→ WORK REQUEST
Would you retype the whole listing exactly, leaving its pictures out?

--- RECORDS PROVIDED ---

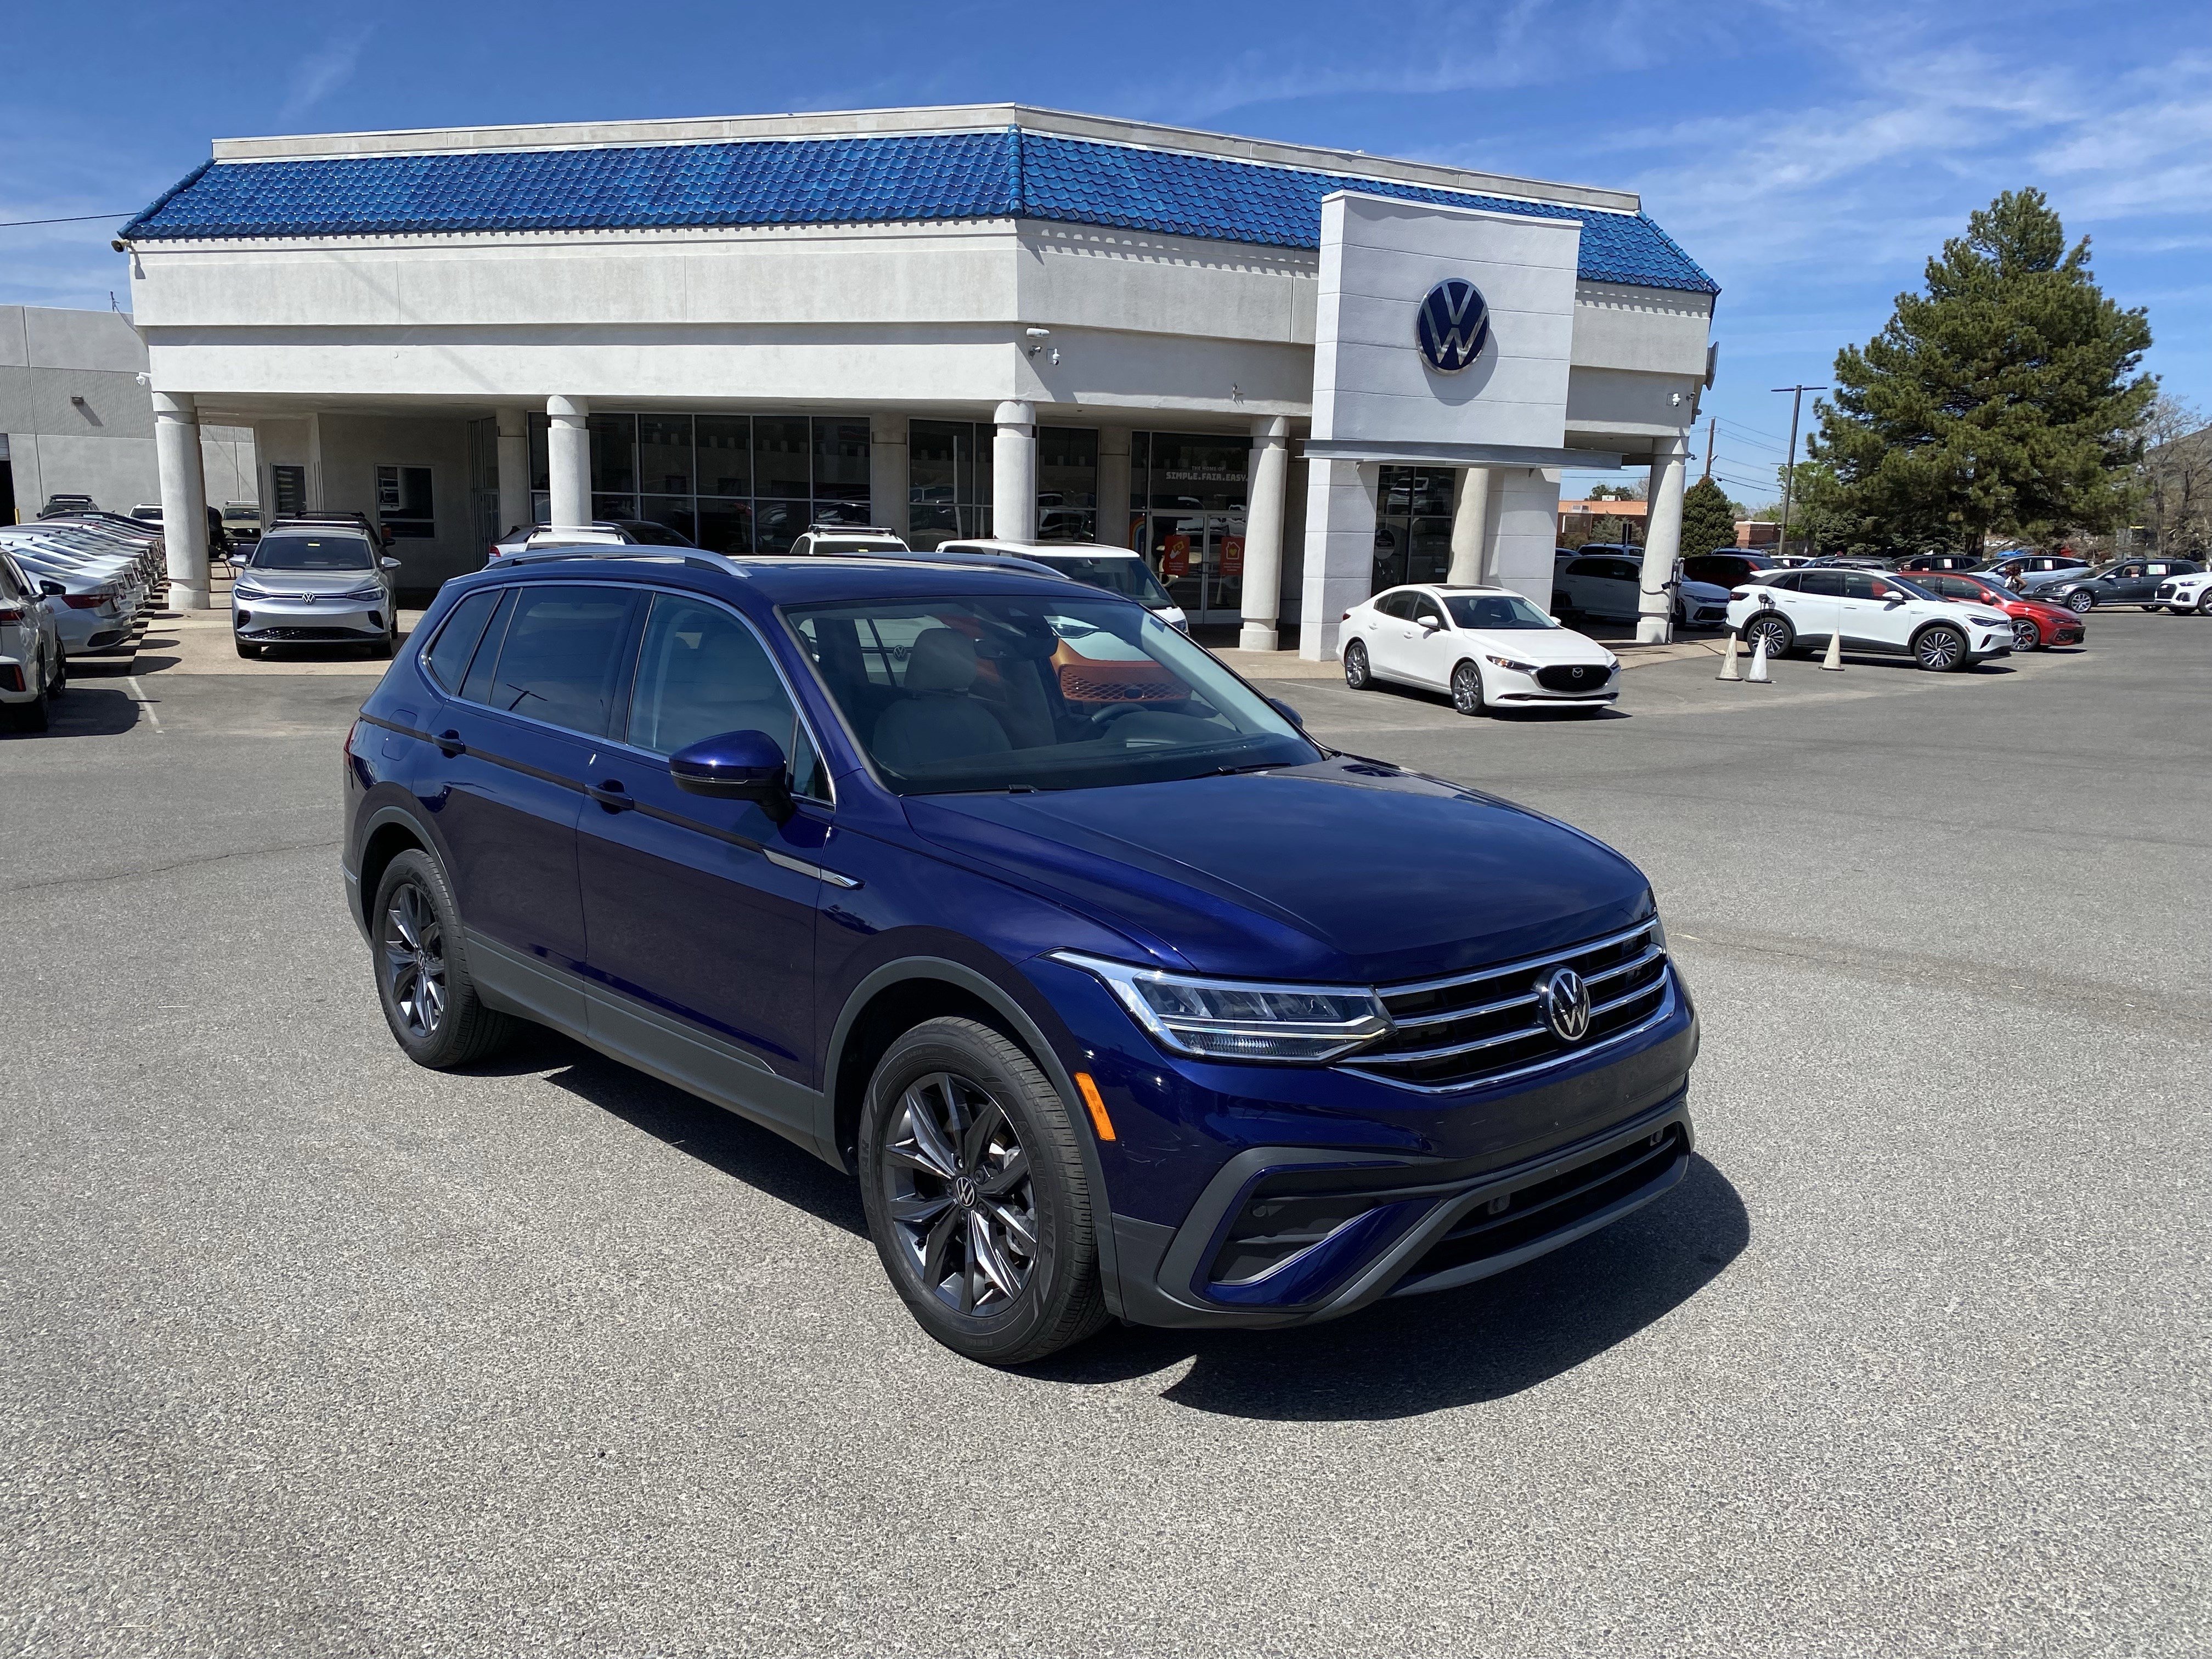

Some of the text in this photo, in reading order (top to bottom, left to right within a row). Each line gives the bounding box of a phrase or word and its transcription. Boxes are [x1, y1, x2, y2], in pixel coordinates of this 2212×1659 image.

[1415, 278, 1490, 375] VW
[1549, 968, 1590, 1041] VW
[956, 1177, 974, 1206] VW
[1017, 1120, 1053, 1259] ASSURANCE
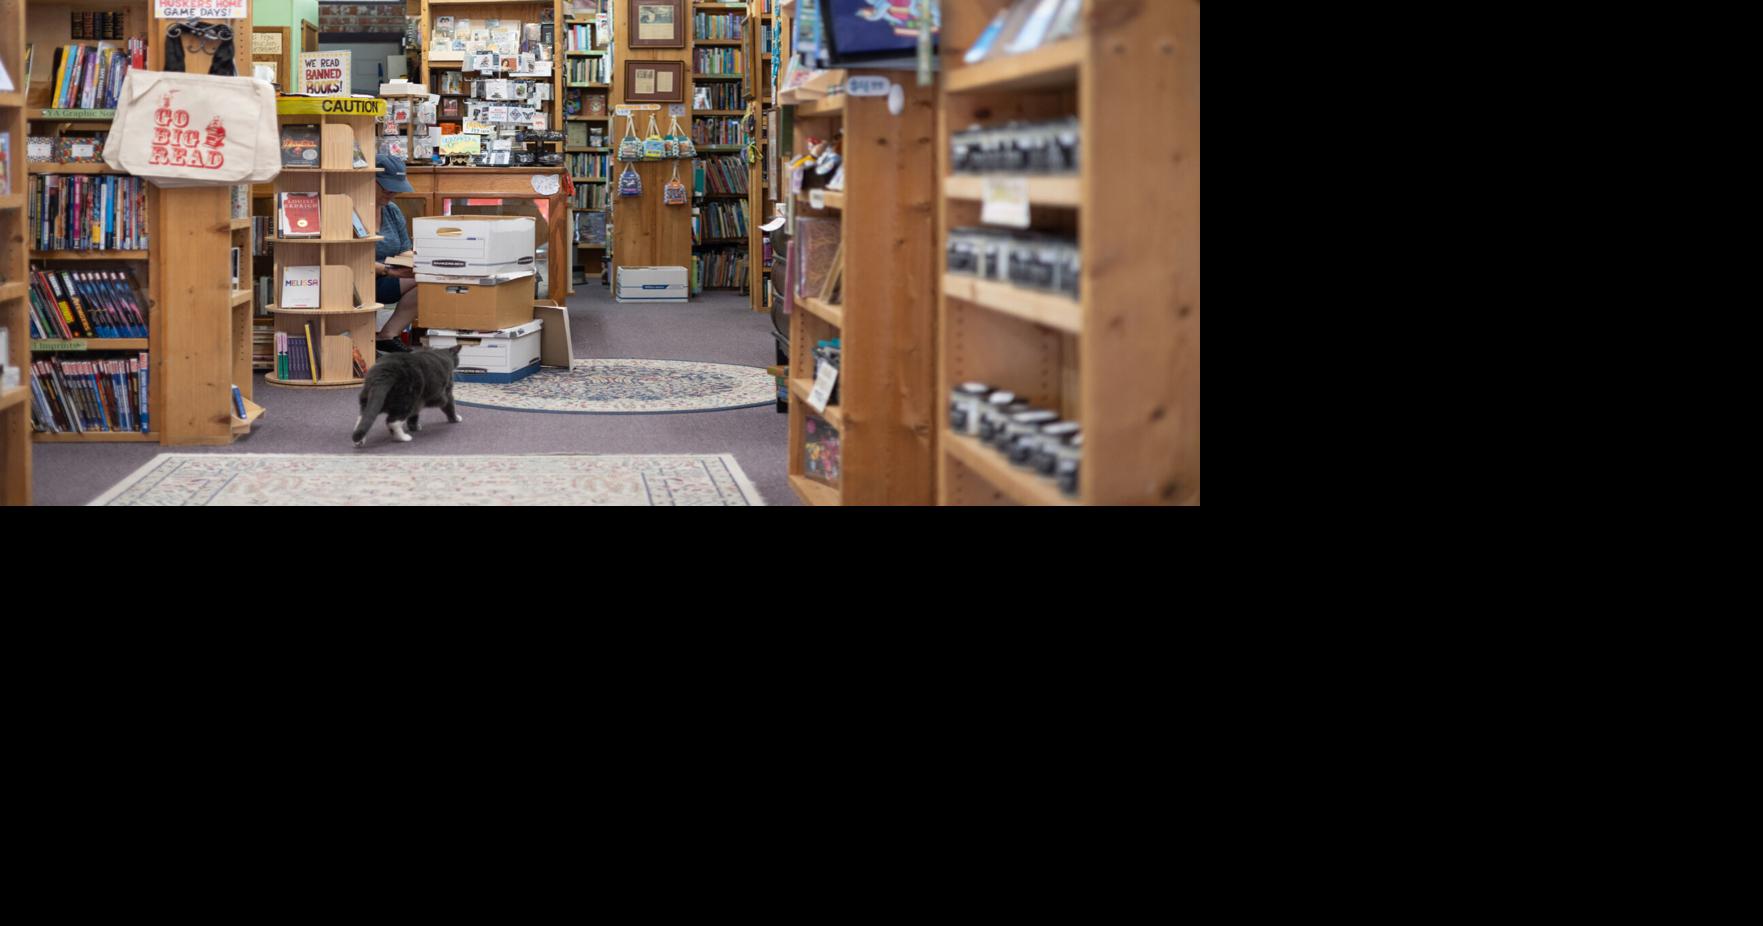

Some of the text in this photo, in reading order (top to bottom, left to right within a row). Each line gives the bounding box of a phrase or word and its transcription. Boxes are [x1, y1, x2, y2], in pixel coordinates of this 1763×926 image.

[216, 0, 243, 8] HOME
[163, 7, 232, 16] GAME DAYS!
[305, 58, 340, 67] WE READ
[306, 68, 342, 80] BANNED
[306, 80, 343, 94] BOOKS!
[322, 99, 378, 113] CAUTION
[47, 109, 60, 117] YA
[62, 109, 95, 119] Graphic
[154, 107, 190, 129] GO
[152, 127, 200, 149] BIG
[148, 146, 225, 170] READ
[285, 279, 319, 287] MELISSA
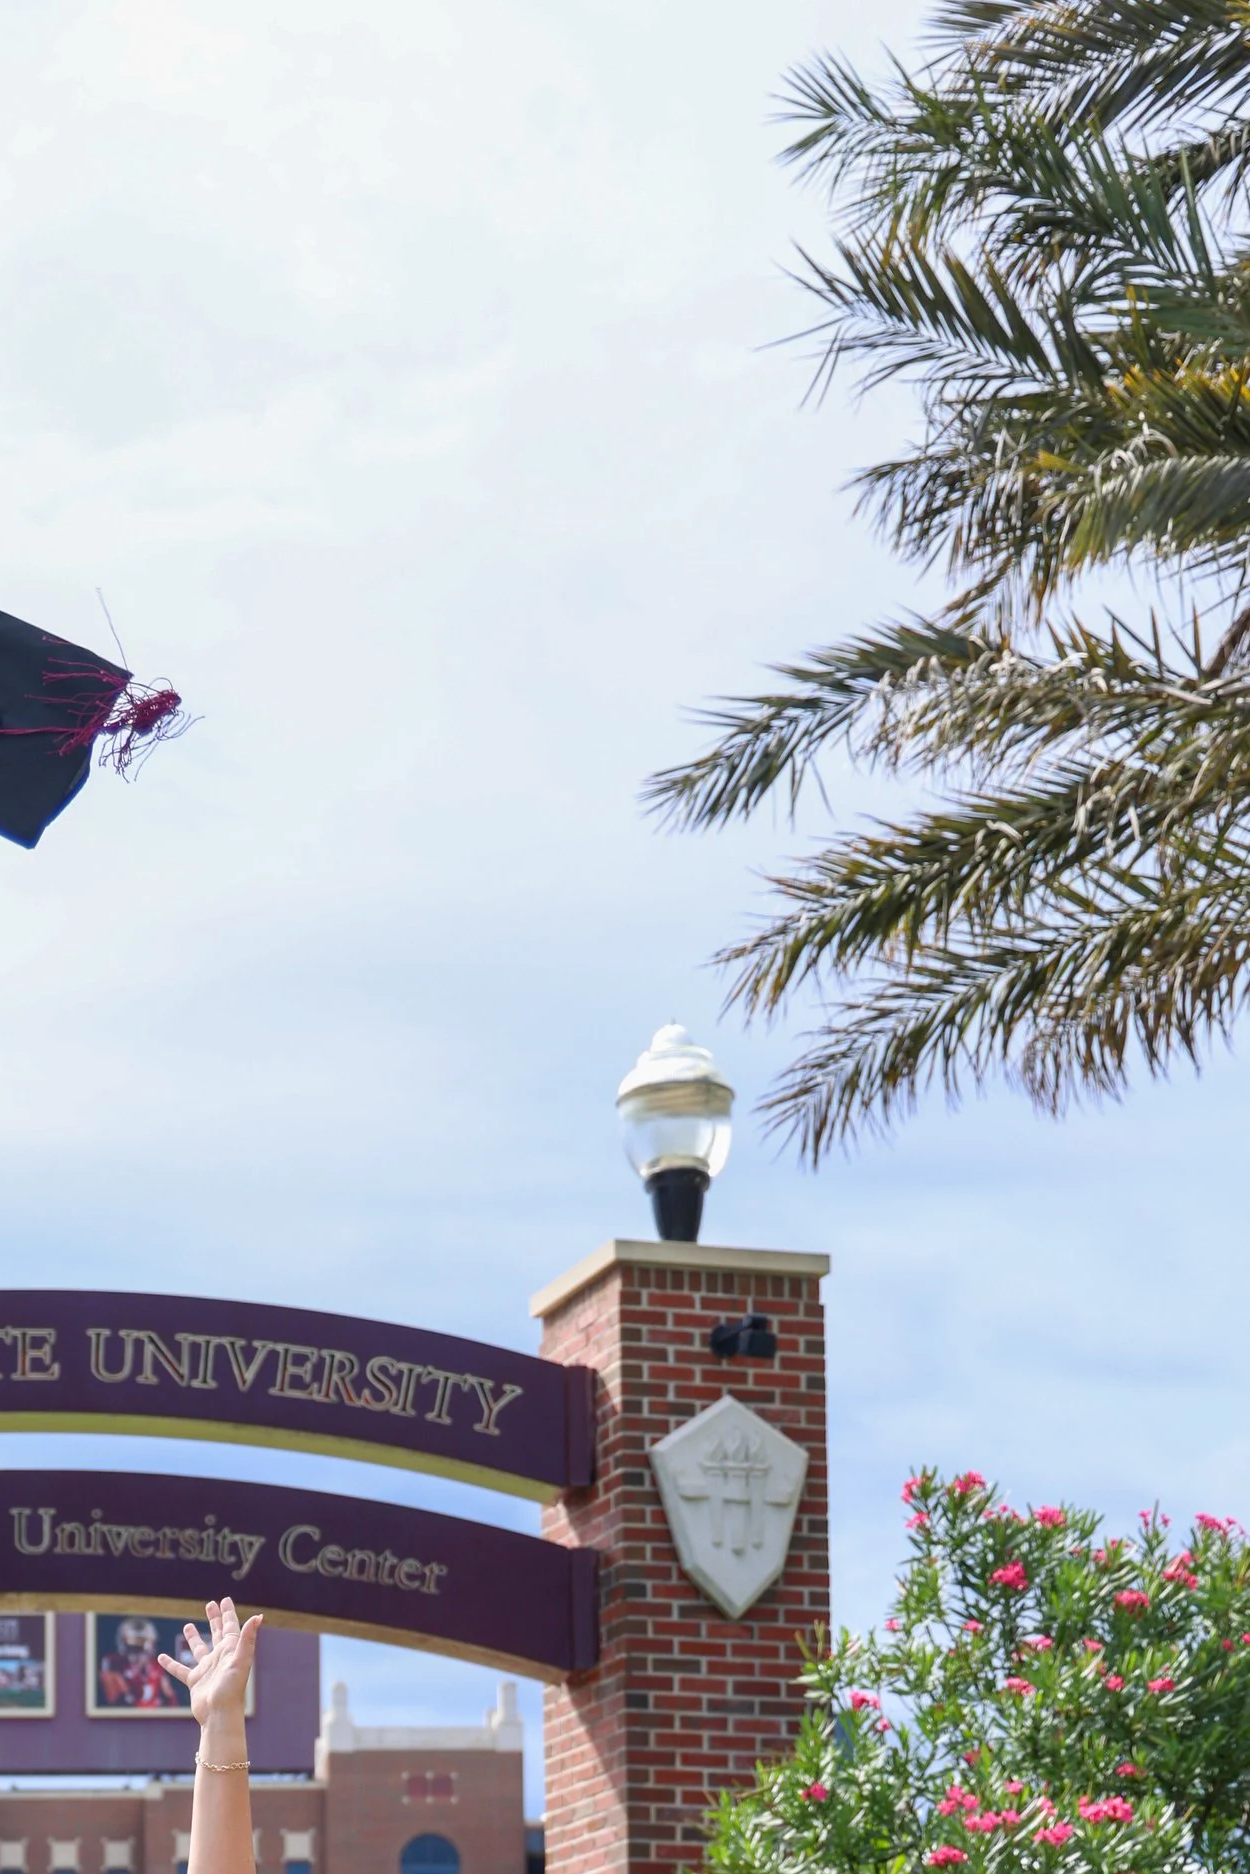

---

→ WRITTEN SOLUTION
Some of the text in this photo, in reading order (top to bottom, left to right within a row). Each line gives the bounding box of a phrase or word and its transcription. Boxes are [x1, y1, x2, y2], in pixel coordinates of this 2212×1659 image.

[1415, 278, 1490, 375] VW
[1549, 968, 1590, 1041] VW
[956, 1177, 974, 1206] VW
[1017, 1120, 1053, 1259] ASSURANCE

Some of the text in this photo, in reading order (top to bottom, left to right within a row). Each line gives the bounding box of a phrase or word and its transcription. Boxes are [x1, y1, x2, y2], in pixel coordinates of this 1763×926 image.

[216, 0, 243, 8] HOME
[163, 7, 232, 16] GAME DAYS!
[305, 58, 340, 67] WE READ
[306, 68, 342, 80] BANNED
[306, 80, 343, 94] BOOKS!
[322, 99, 378, 113] CAUTION
[47, 109, 60, 117] YA
[62, 109, 95, 119] Graphic
[154, 107, 190, 129] GO
[152, 127, 200, 149] BIG
[148, 146, 225, 170] READ
[285, 279, 319, 287] MELISSA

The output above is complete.